# Nassahegan - 10/13/08



## Greg (Oct 13, 2008)

Sick friggin' ride this afternoon. I pulled in (right at 3 pm as usual :roll: ) and saw gmcunni and rueler were already suited up. We got rolling pretty quickly after I showed them my helmet cam rig job. We headed straight to the swamp warm-up and aimed for the A frame and ladder drops. I tailed rueler and hit all three, wheelie dropping the drops since I knew I was going way too slow. I survived though. We then looped back north and hit another little loop with another skinnier A frame (hit it) and a ladder to rock drop (skipped). I futzed around with the camera while rueler sessioned around. We then looped back to the first A frame and drops and I tailed rueler again, this time shotting vid. Gary hit the A frame both times!

We then crossed Scoville and south towards E. Chippins. At the 4 way we bee lined it back to Lamson Corner. I actually took the bridge over the river right near the lot without hesitating. Check another off the list. We then headed into the cemetery and did the big loop. I cleared both ledges up by the forest acces road. Gary did great on what is a pretty kick ass route. I was tailing him on the downhill and he was killing it on that hard tail. He flew into the steep washed out section right before the little bridge holding on for dear life it seemed.. Awesome! I think I got it on vid.

We paralled 69 back and we all hit that little log ladder (check another off the list!) just up from the radiator skinny. We looked at the skinny, but all skipped it. Once back near the A frame/drops, rueler split and Gary and I hit the ladders again to shoot some vid.
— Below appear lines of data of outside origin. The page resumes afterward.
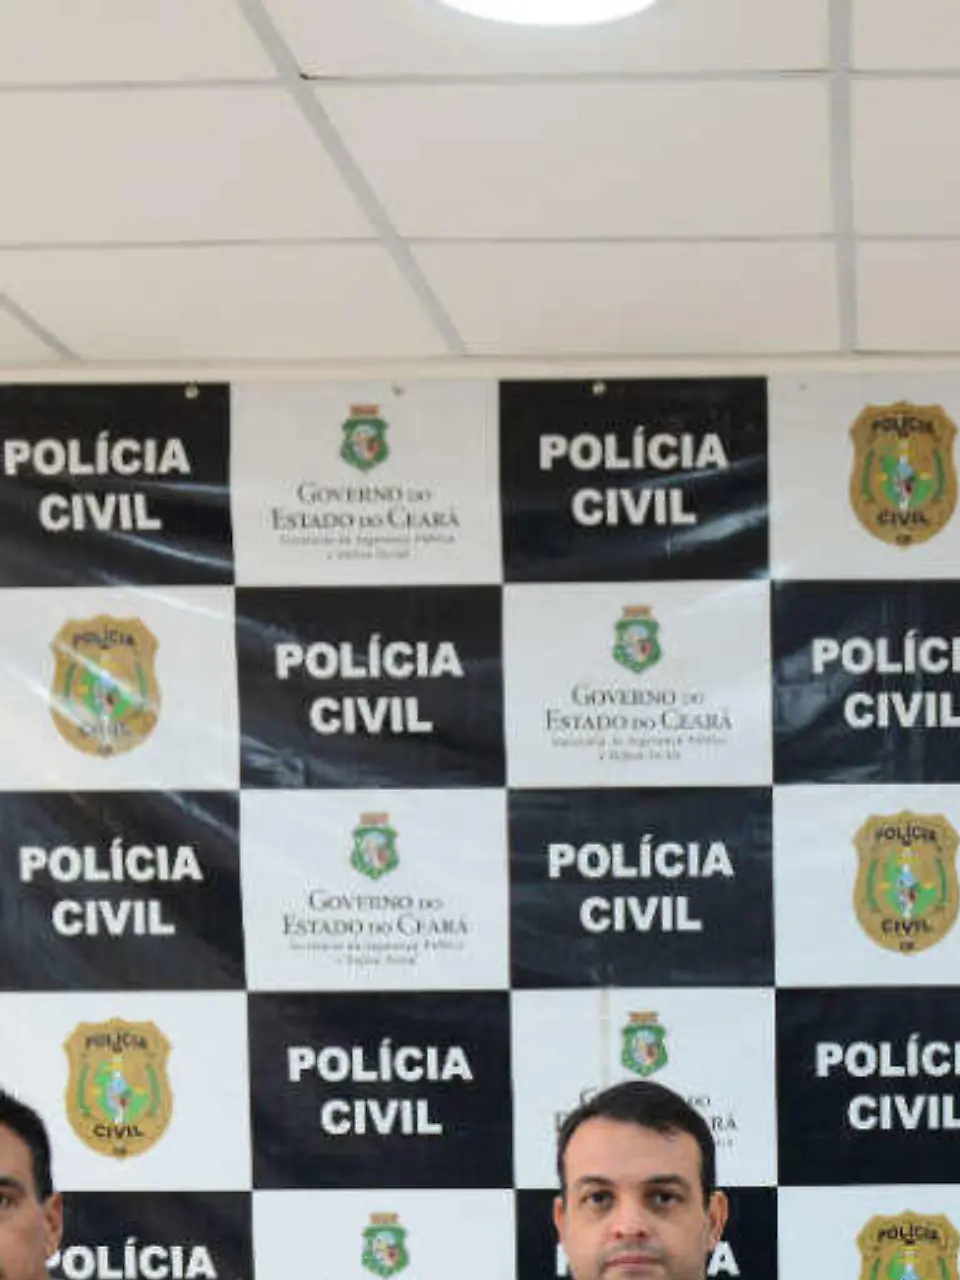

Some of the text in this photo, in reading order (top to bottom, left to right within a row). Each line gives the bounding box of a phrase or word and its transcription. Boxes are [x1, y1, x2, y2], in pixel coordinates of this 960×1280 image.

[5, 432, 190, 475] POLÍCIA
[540, 426, 728, 470] POLÍCIA
[40, 494, 161, 530] CIVIL
[573, 488, 696, 525] CIVIL
[276, 635, 463, 679] POLÍCIA
[310, 697, 432, 733] CIVIL
[20, 838, 202, 882] POLÍCIA
[549, 834, 733, 877] POLÍCIA
[53, 900, 175, 935] CIVIL
[580, 896, 701, 932] CIVIL
[288, 1039, 472, 1081] POLÍCIA
[322, 1100, 442, 1134] CIVIL
Great to have rueler on point much of the ride. He's very fast and kept us moving quickly. We finished the whole ride in under 2:30 and logged 9-ish miles. I'm relying on Gary for the GPS track. The verdict on the helmet cam footage so far looks good. It stayed pretty solid for the whole ride. The only issue I see in the little bit of footage I look at is it seems the angle is pointing down too much. Good for the downhills, but not so much on the flats and ups. I'll put something together tonight. I have a 6 pack of Sierra Nevada Pale Ales to rip through tonight along with the editing! :lol:

Awesome ride fellas! The colors in the woods are great!


----------



## powhunter (Oct 13, 2008)

nice report!!   wish I could have joined ya!!!!

steve


----------



## MR. evil (Oct 13, 2008)

You guys suck!
I wish I could have ridden today but I had to work.

Good good hitting those stunts. I will be checking those off my list next time I am there.


----------



## 2knees (Oct 13, 2008)

nice job hitting those three.  the root messes you up on the approach to the first ramp which in turn makes it hard to get enough speed to properly drop the ladder thingie.  I thought i was gonna endo off that ladder the first time i hit it.  just not enough speed.


where are the 2nd a-frame and rock drop?  i'd love to check those out sometime.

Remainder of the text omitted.